A liminar foi concedida na ação cautelar proposta pelo casal Marcele Wernech Garcia Pinheiro e Marcus Lima Sales Teixeira, pais de Letícia Garcia Sales Teixeira, bebê de quatro meses que faleceu no último dia 5 na Neotin, que funciona na Casa de Saúde Santa Marta, em Niterói. Letícia recebeu o soro produzido pelo laboratório Ganutre e, em seguida, faleceu em decorrência de um choque séptico. A recém-nascida estava recebendo alimentação parental para que ganhasse peso, já que nasceu prematura e com problemas nos intestinos, informou Marcele.

De acordo com Pinheiro Filho, a liminar visa evitar prejuízo e lesão grave de difícil reparação, uma vez que há a possibilidade de alienação dos bens por parte dos réus.
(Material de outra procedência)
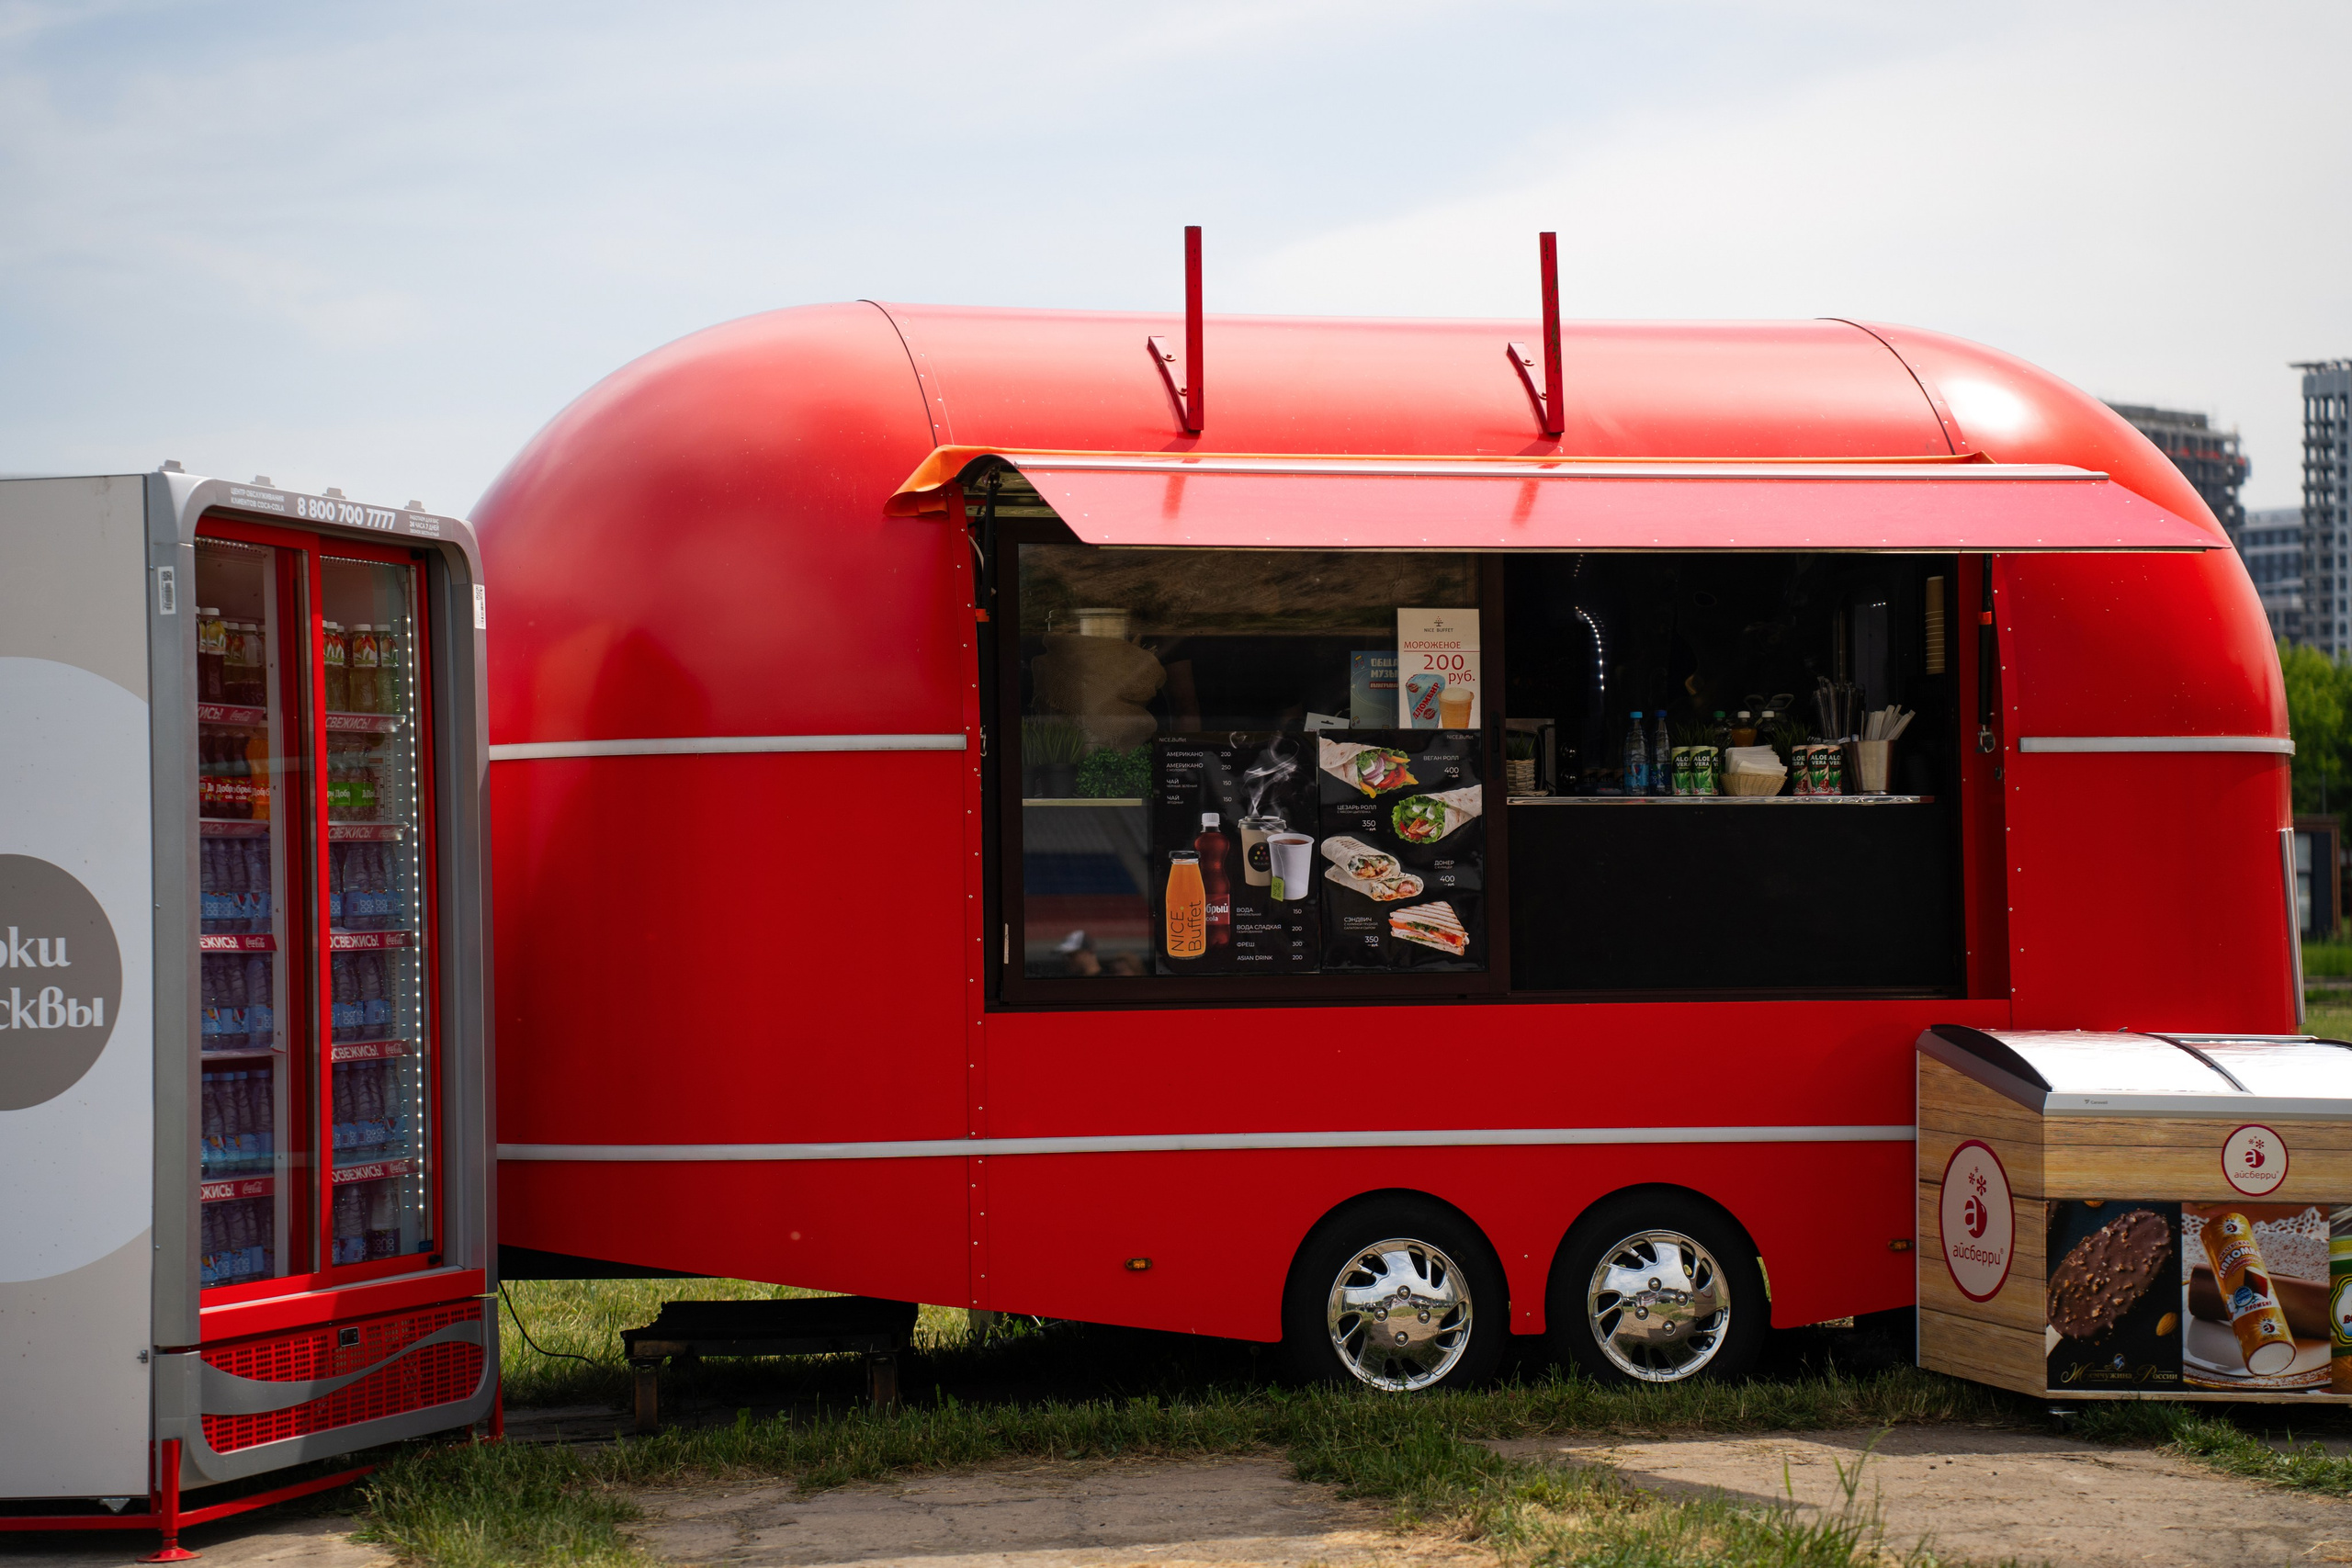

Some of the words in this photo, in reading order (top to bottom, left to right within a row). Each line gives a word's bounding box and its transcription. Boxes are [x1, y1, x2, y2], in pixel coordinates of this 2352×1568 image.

[297, 497, 307, 516] 8
[309, 499, 335, 521] 800
[338, 503, 364, 525] 700
[367, 508, 396, 530] 7777
[1423, 654, 1464, 670] 200
[1449, 670, 1476, 684] руб.
[1187, 900, 1202, 952] Buffet
[2233, 1170, 2277, 1180] айсберри
[1952, 1242, 2001, 1268] айсберри
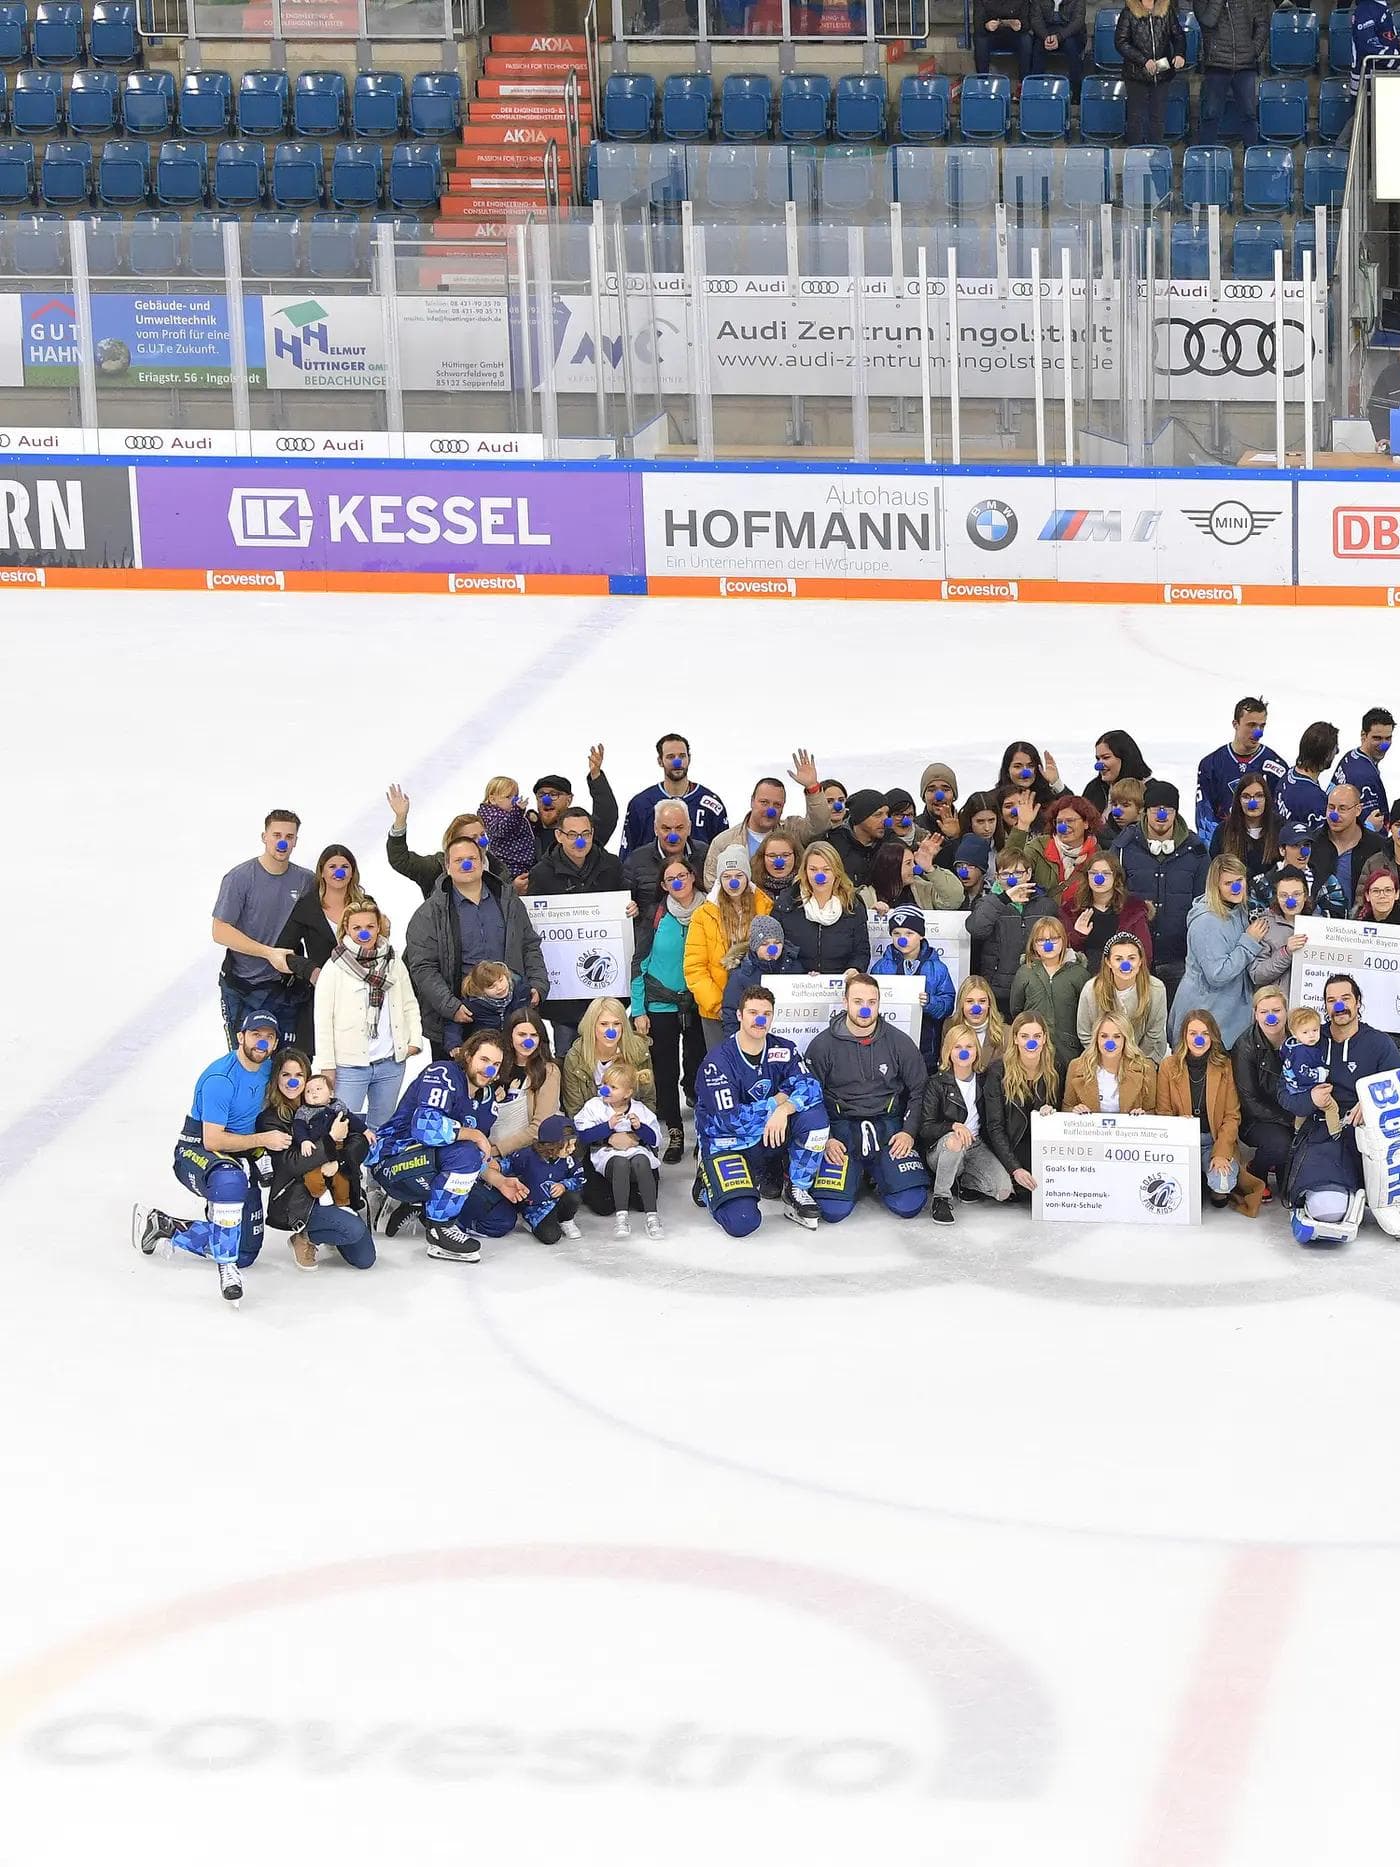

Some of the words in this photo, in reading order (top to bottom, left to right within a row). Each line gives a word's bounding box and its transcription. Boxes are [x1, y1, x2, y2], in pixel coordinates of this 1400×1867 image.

[503, 128, 546, 143] AKKA
[745, 281, 786, 293] Audi
[135, 299, 187, 311] Gebäude-
[189, 300, 210, 311] und
[135, 315, 217, 326] Umwelttechnik
[136, 331, 159, 340] vom
[162, 328, 186, 340] Profi
[189, 328, 205, 340] für
[717, 321, 787, 341] Audi
[175, 343, 220, 355] Zukunft.
[138, 372, 181, 385] Eriagstr.
[184, 373, 198, 383] 56
[18, 435, 59, 448] Audi
[171, 436, 213, 450] Audi
[323, 438, 365, 452] Audi
[476, 440, 519, 454] Audi
[825, 484, 929, 506] Autohaus
[328, 494, 552, 546] KESSEL
[1215, 517, 1248, 530] MINI
[664, 509, 929, 551] HOFMANN
[1341, 515, 1400, 551] DB
[666, 556, 687, 569] Ein
[690, 556, 784, 571] Unternehmen
[787, 556, 812, 571] der
[814, 559, 894, 575] HWGruppe.
[212, 571, 277, 587] covestro
[454, 576, 516, 591] covestro
[726, 580, 788, 595] covestro
[948, 584, 1010, 597] covestro
[1171, 587, 1233, 601] covestro
[696, 809, 705, 827] C
[577, 928, 608, 940] Euro
[1303, 950, 1353, 963] SPENDE
[428, 1088, 449, 1109] 81
[715, 1088, 734, 1111] 16
[1042, 1146, 1093, 1156] SPENDE
[1144, 1150, 1175, 1163] Euro
[1045, 1165, 1066, 1173] Goals
[1067, 1165, 1078, 1173] for
[1080, 1165, 1096, 1173] Kids
[725, 1180, 751, 1188] EDEKA
[816, 1179, 842, 1187] EDEKA
[21, 1708, 916, 1794] covestro
Segundo informações do Tribunal de Justiça do Estado do Rio de Janeiro, o juiz deu prazo de cinco dias para os réus contestarem. Ele determinou ainda a remessa de ofícios para registros de imóveis, distribuidores, ofícios de notas, de títulos e documentos para Departamentos de Trânsito e Junta Comercial do Rio e de São Paulo, e para a Delegacia da RF (Receita Federal).

Além da Gan Rio, são réus no processo a Lipal Participações Ltda, EPR Participações Ltda, Márcia Caetano Jandre, Roberto Costa Peixoto, Reginaldo Lopes, Casa de Saúde e Maternidade Santa Marta, Neotin Neonatal Terapia Intensiva Ltda, Jair de Albuquerque Magalhães Júnior e Heidi Pacheco.